I may not be able to bear a child again, it may not happen for me, but I will not let this make me feel less of a woman. And motherhood is as much about bearing a child as protecting the family you make for yourself. The spirit of being a mother is just as prevalent when looking after a stranger with a glass of water, a £1 or a hug, a friend in need, compassion to those who frustrate us. It’s not about being a ball-breaking, tough talking, man-baiting feminist, debating the need to bear a man’s child; it’s about accepting who you are as an entity, comfortable with whatever is in the future. Because despite all the heartaches, the loved ones who have left me for other parallels, the ones I have lost along the way and the pain that I have lived with for many years, I know who I am.
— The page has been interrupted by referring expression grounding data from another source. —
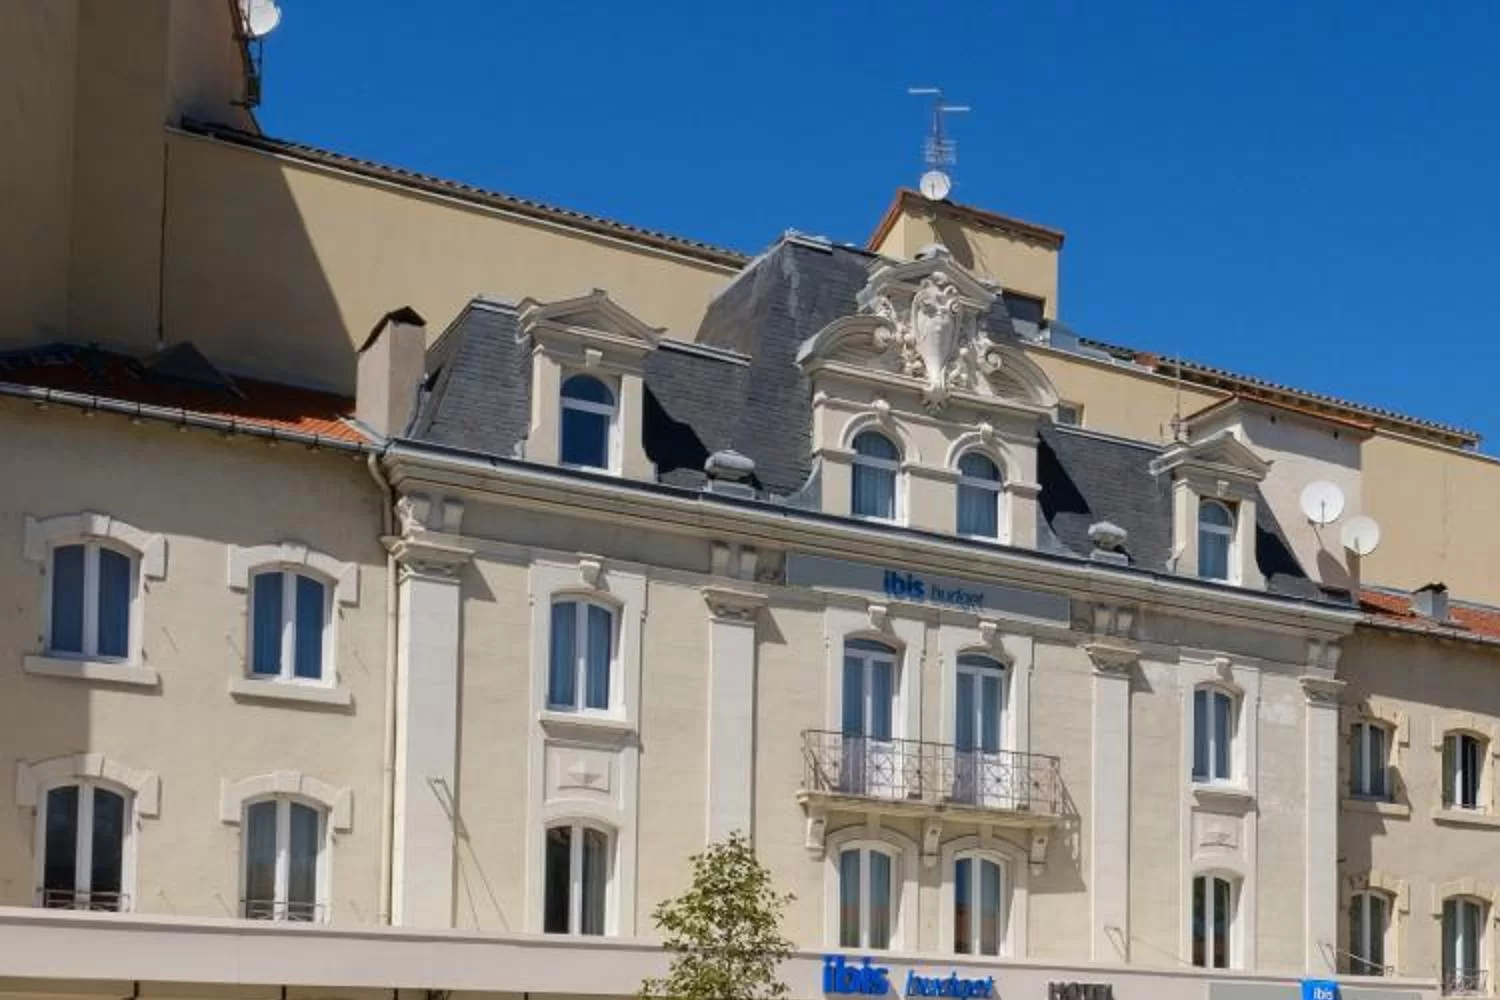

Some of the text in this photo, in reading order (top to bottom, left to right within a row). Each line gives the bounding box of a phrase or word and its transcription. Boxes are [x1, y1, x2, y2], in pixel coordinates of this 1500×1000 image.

[883, 569, 926, 599] ibis
[823, 954, 889, 995] ibis
[1312, 986, 1335, 1000] ibis
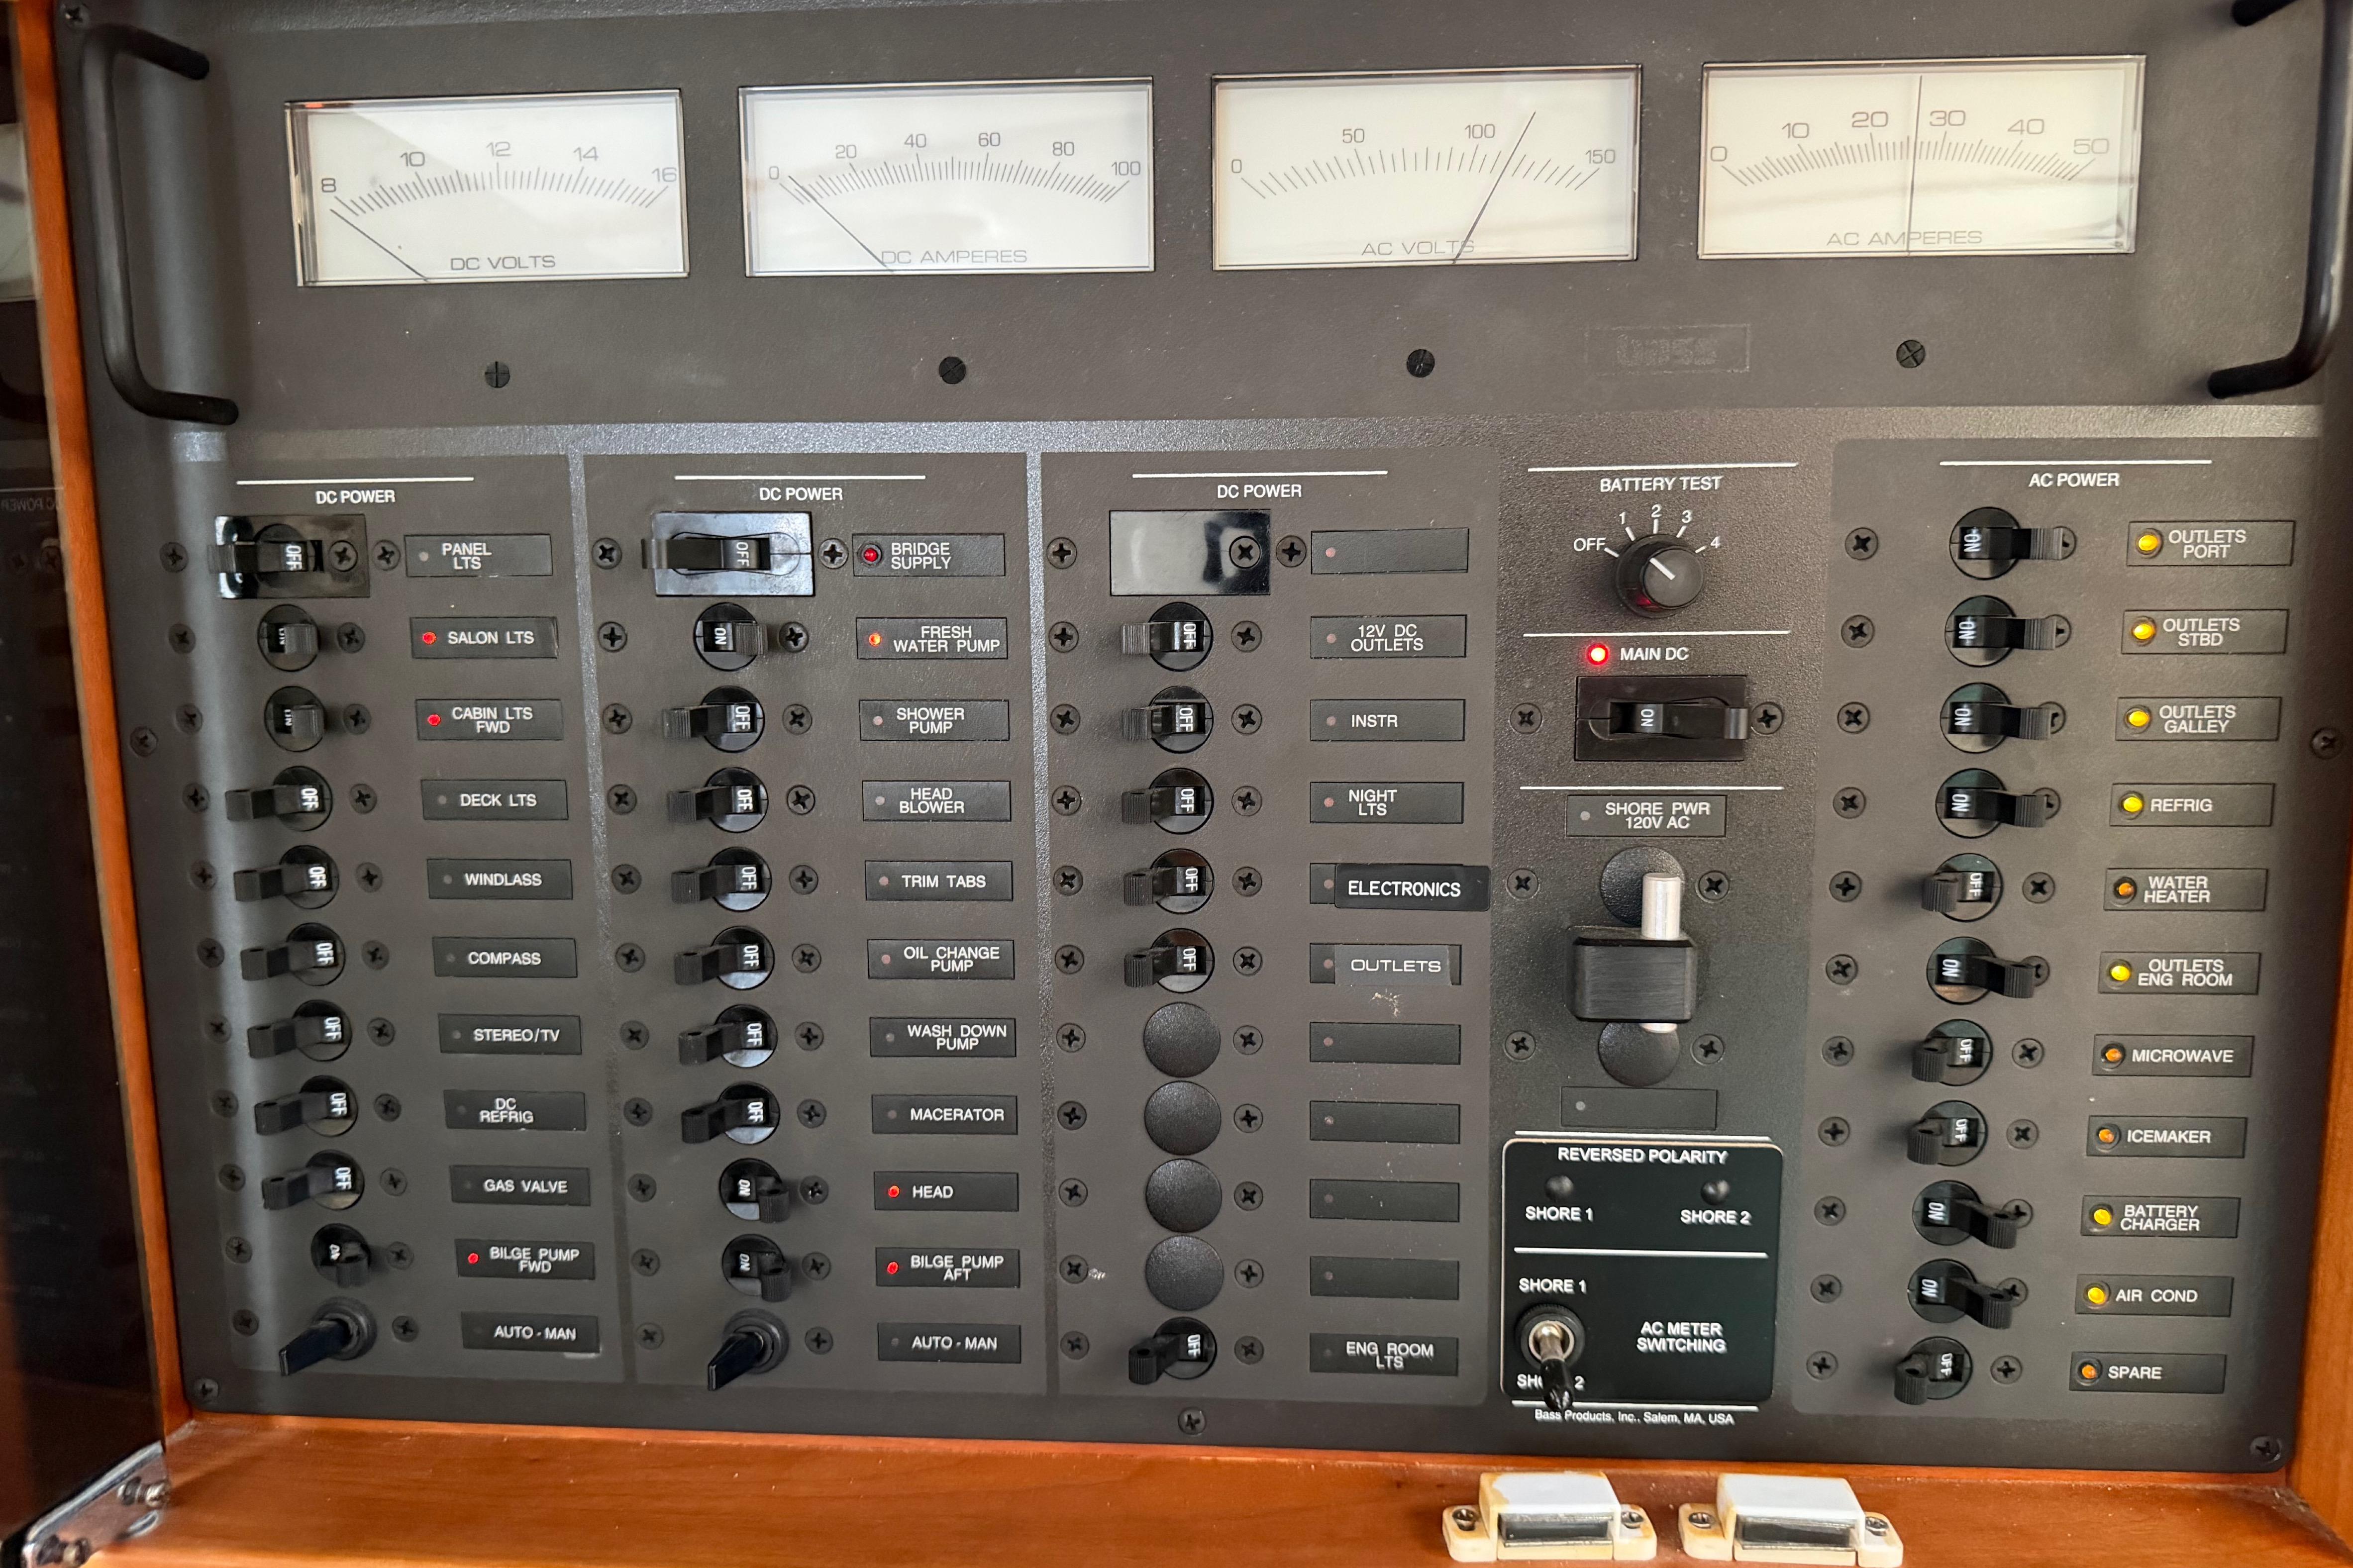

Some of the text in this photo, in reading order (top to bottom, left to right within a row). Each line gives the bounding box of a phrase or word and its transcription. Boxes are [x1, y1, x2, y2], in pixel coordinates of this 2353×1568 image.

[1851, 111, 1889, 128] 20
[1929, 110, 1966, 127] 30
[1464, 123, 1496, 139] 100
[1781, 122, 1810, 139] 10
[2007, 118, 2045, 135] 40
[904, 133, 927, 148] 40
[978, 132, 1001, 147] 60
[1342, 128, 1365, 144] 50
[486, 141, 511, 157] 12
[835, 144, 857, 159] 20
[1052, 141, 1075, 156] 80
[2073, 137, 2110, 155] 50
[400, 151, 425, 167] 10
[573, 146, 599, 162] 14
[1585, 148, 1617, 164] 150
[1710, 146, 1728, 162] 0
[769, 166, 780, 181] 0
[1111, 160, 1141, 176] 100
[1230, 159, 1242, 174] 0
[651, 167, 677, 183] 16
[320, 178, 337, 193] 8
[1826, 230, 1982, 246] AC AMPERES
[1361, 239, 1474, 256] AC VOLTS
[450, 255, 556, 271] DC VOLTS
[882, 250, 1027, 264] DC AMPERES
[1600, 476, 1723, 492] BATTERY TEST
[2029, 473, 2120, 488] AC POWER
[315, 490, 396, 504] DC POWER
[759, 487, 843, 501] DC POWER
[1217, 484, 1302, 498] DC POWER
[1619, 511, 1626, 525] 1
[1651, 504, 1661, 518] 2
[1681, 509, 1692, 523] 3
[1710, 536, 1721, 549] 4
[1964, 533, 1981, 552] ON
[2168, 529, 2247, 544] OUTLETS
[442, 542, 492, 556] PANEL
[891, 542, 950, 556] BRIDGE
[1573, 537, 1606, 552] OFF
[2183, 544, 2231, 559] PORT
[735, 542, 749, 567] OFF
[453, 556, 482, 570] LTS
[891, 556, 951, 570] SUPPLY
[1358, 623, 1417, 638] 12V DC
[2162, 617, 2240, 632] OUTLETS
[448, 631, 534, 644] SALON LTS
[715, 627, 727, 645] ON
[921, 625, 972, 639] FRESH
[1183, 622, 1196, 647] OFF
[893, 639, 1000, 652] WATER PUMP
[1350, 637, 1424, 652] OUTLETS
[2178, 633, 2223, 647] STBD
[1620, 647, 1689, 661] MAIN DC
[452, 706, 533, 720] CABIN LTS
[897, 707, 964, 720] SHOWER
[1179, 707, 1193, 731] OFF
[1640, 709, 1654, 727] ON
[2159, 705, 2236, 719] OUTLETS
[476, 720, 510, 733] FWD
[909, 721, 953, 734] PUMP
[1351, 714, 1398, 727] INSTR
[2164, 719, 2230, 734] GALLEY
[460, 793, 537, 807] DECK LTS
[911, 787, 952, 800] HEAD
[1181, 788, 1194, 812] OFF
[1349, 789, 1398, 802] NIGHT
[899, 800, 964, 814] BLOWER
[1358, 802, 1387, 816] LTS
[1605, 802, 1710, 815] SHORE PWR
[2150, 798, 2213, 812] REFRIG
[1626, 815, 1690, 829] 120V AC
[465, 873, 542, 886] WINDLASS
[901, 875, 986, 888] TRIM TABS
[2148, 876, 2208, 889] WATER
[1348, 880, 1461, 897] ELECTRONICS
[2144, 890, 2210, 903] HEATER
[468, 951, 541, 965] COMPASS
[904, 946, 1000, 960] OIL CHANGE
[931, 959, 974, 972] PUMP
[1351, 959, 1441, 973] OUTLETS
[2148, 959, 2224, 973] OUTLETS
[2138, 973, 2233, 986] ENG ROOM
[473, 1028, 560, 1042] STEREO/TV
[907, 1024, 1007, 1038] WASH DOWN
[936, 1037, 979, 1051] PUMP
[2132, 1049, 2234, 1063] MICROWAVE
[495, 1097, 516, 1110] DC
[480, 1110, 533, 1123] REFRIG
[911, 1108, 1004, 1121] MACERATOR
[2127, 1129, 2211, 1144] ICEMAKER
[1558, 1147, 1728, 1164] REVERSED POLARITY
[484, 1179, 568, 1193] GAS VALVE
[913, 1185, 953, 1198] HEAD
[1526, 1206, 1593, 1221] SHORE 1
[1680, 1209, 1751, 1225] SHORE 2
[2124, 1204, 2198, 1218] BATTERY
[2120, 1217, 2200, 1231] CHARGER
[490, 1246, 580, 1262] BILGE PUMP
[519, 1260, 552, 1273] FWD
[911, 1255, 1004, 1269] BILGE PUMP
[943, 1269, 972, 1280] AFT
[1519, 1277, 1586, 1293] SHORE 1
[2115, 1289, 2198, 1302] AIR COND
[1640, 1321, 1722, 1337] AC METER
[1346, 1341, 1433, 1358] ENG ROOM
[1637, 1337, 1726, 1353] SWITCHING
[1375, 1356, 1404, 1369] LTS
[2108, 1366, 2162, 1379] SPARE
[1574, 1375, 1584, 1390] 2
[1535, 1409, 1562, 1421] Bass
[1708, 1413, 1735, 1425] USA
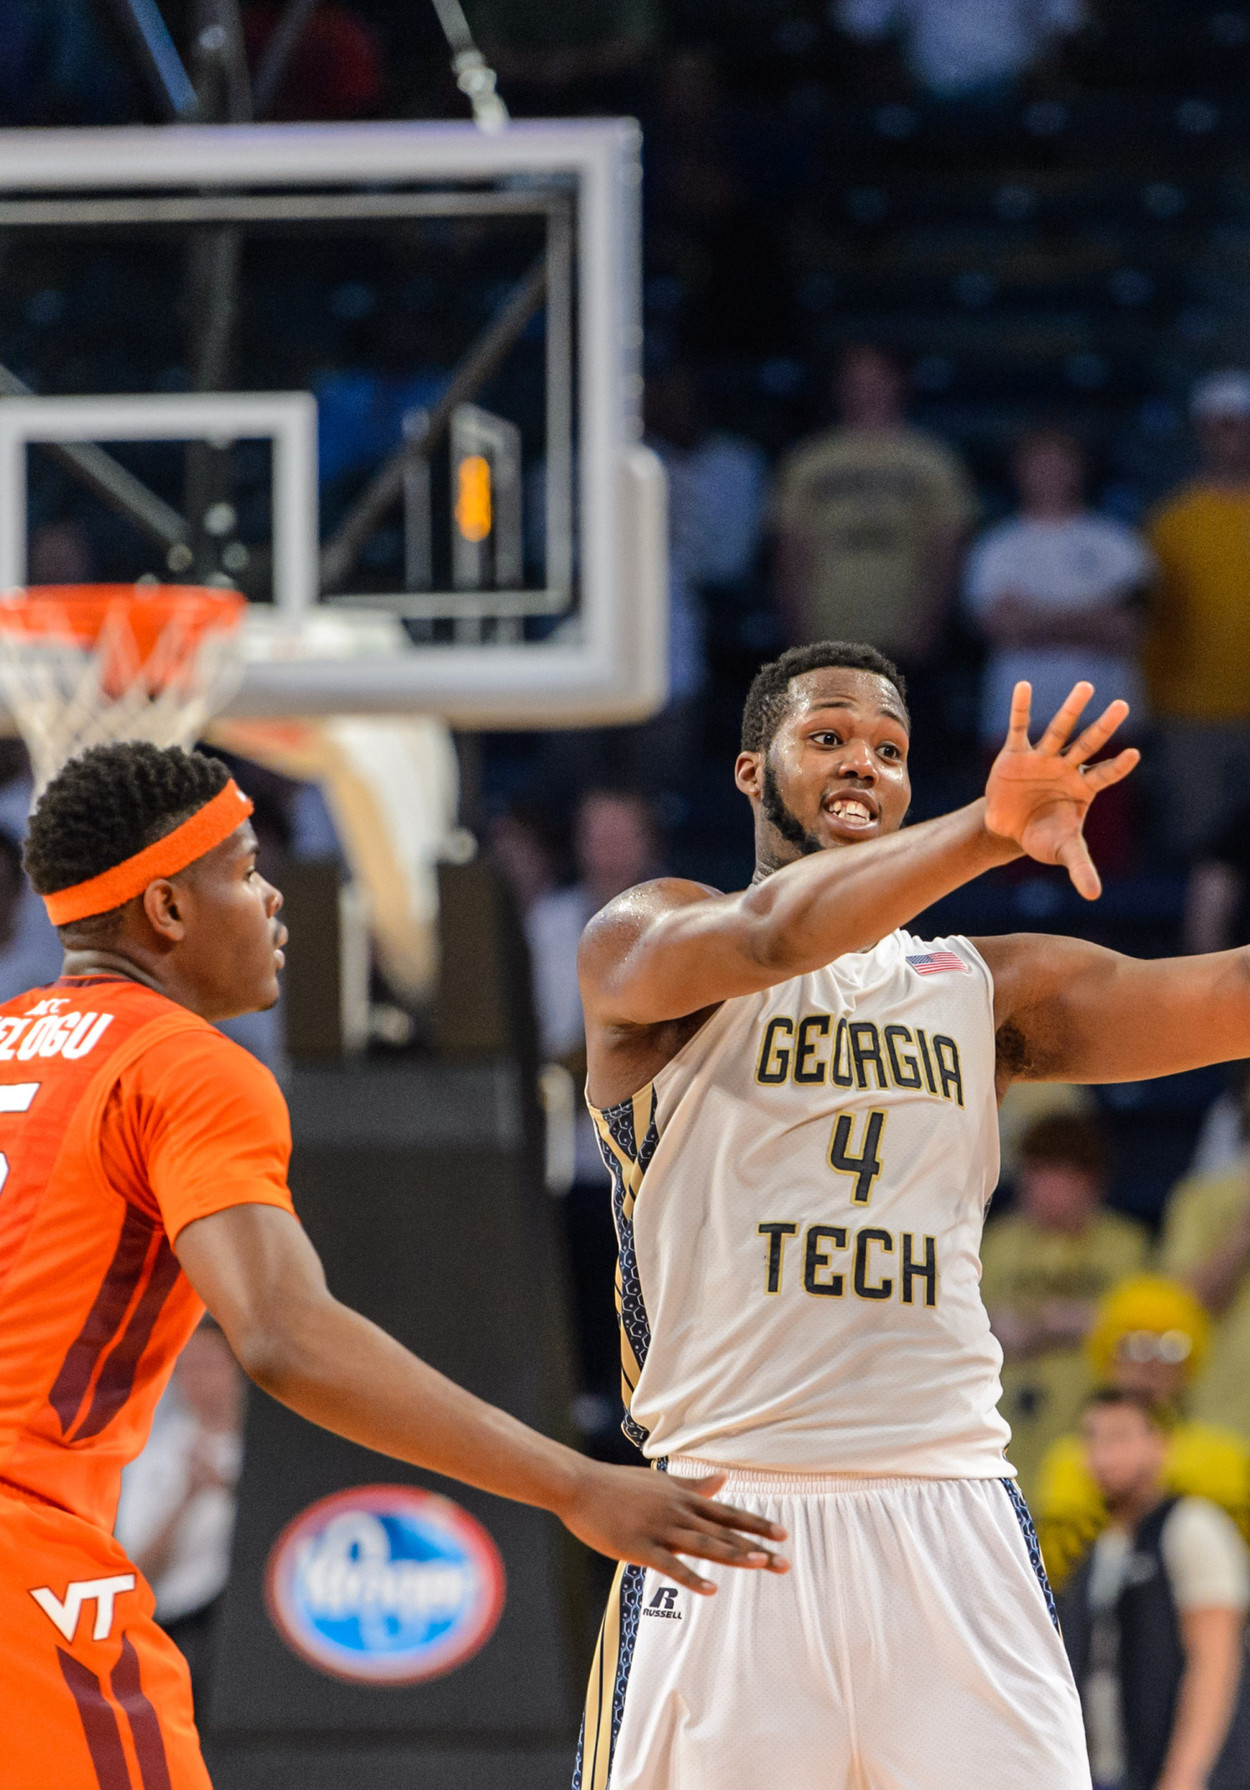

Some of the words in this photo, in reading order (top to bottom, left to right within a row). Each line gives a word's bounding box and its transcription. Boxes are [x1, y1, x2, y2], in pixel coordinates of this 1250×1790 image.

[754, 1013, 966, 1110] GEORGIA
[826, 1107, 889, 1207] 4
[756, 1221, 938, 1309] TECH
[29, 1573, 136, 1644] VT
[642, 1607, 683, 1620] RUSSELL
I love my life, my friends, my family, and my artistic pursuits. To dance all night at DC10, get messy and listen to dirty house music. Read Vogue at 2am with my thoughts rising like the grey London dawn, misty and lavender. Lock myself into bouts of controlled excess, just enough to let off steam, just enough to keep the edge sharp, clear and exciting. To write all night and sleep all day, to sleep all night and daydream the world into focus and a rhythm that’s right for me.
I owe it to myself.
So, life, take me higher, take me somewhere new and beautiful, because I don’t want to sit dead-eyed on a tube train, with the whisper of discontent scratched on my soul. Wait for painful years and months in an IVF clinic, waiting for a baby who may never grow in my belly. Don’t want to lie next to a man I can’t love. Don’t want to compromise the slightest thing, from my darkest pleasures to the deep cut of my words.
I’d rather fucking die.
So I’ll take this living thing in both hands, embrace it, ride it, feel it, love it, own it and hit the excess upside its head with all that hasn’t killed me yet. I’ll worship the visceral in me until I’ve got it mastered like the eternal game, flip to its B-side spiritualist before they switch on the lights and feel and dance through every little moment of this thing called living, not give up on love and wrap my legs around it tight when it comes. So I’ll never atrophy inside and lose the essence of myself, that one day soon, someone will see for what it is, and, for better or worse, not want to change a thing.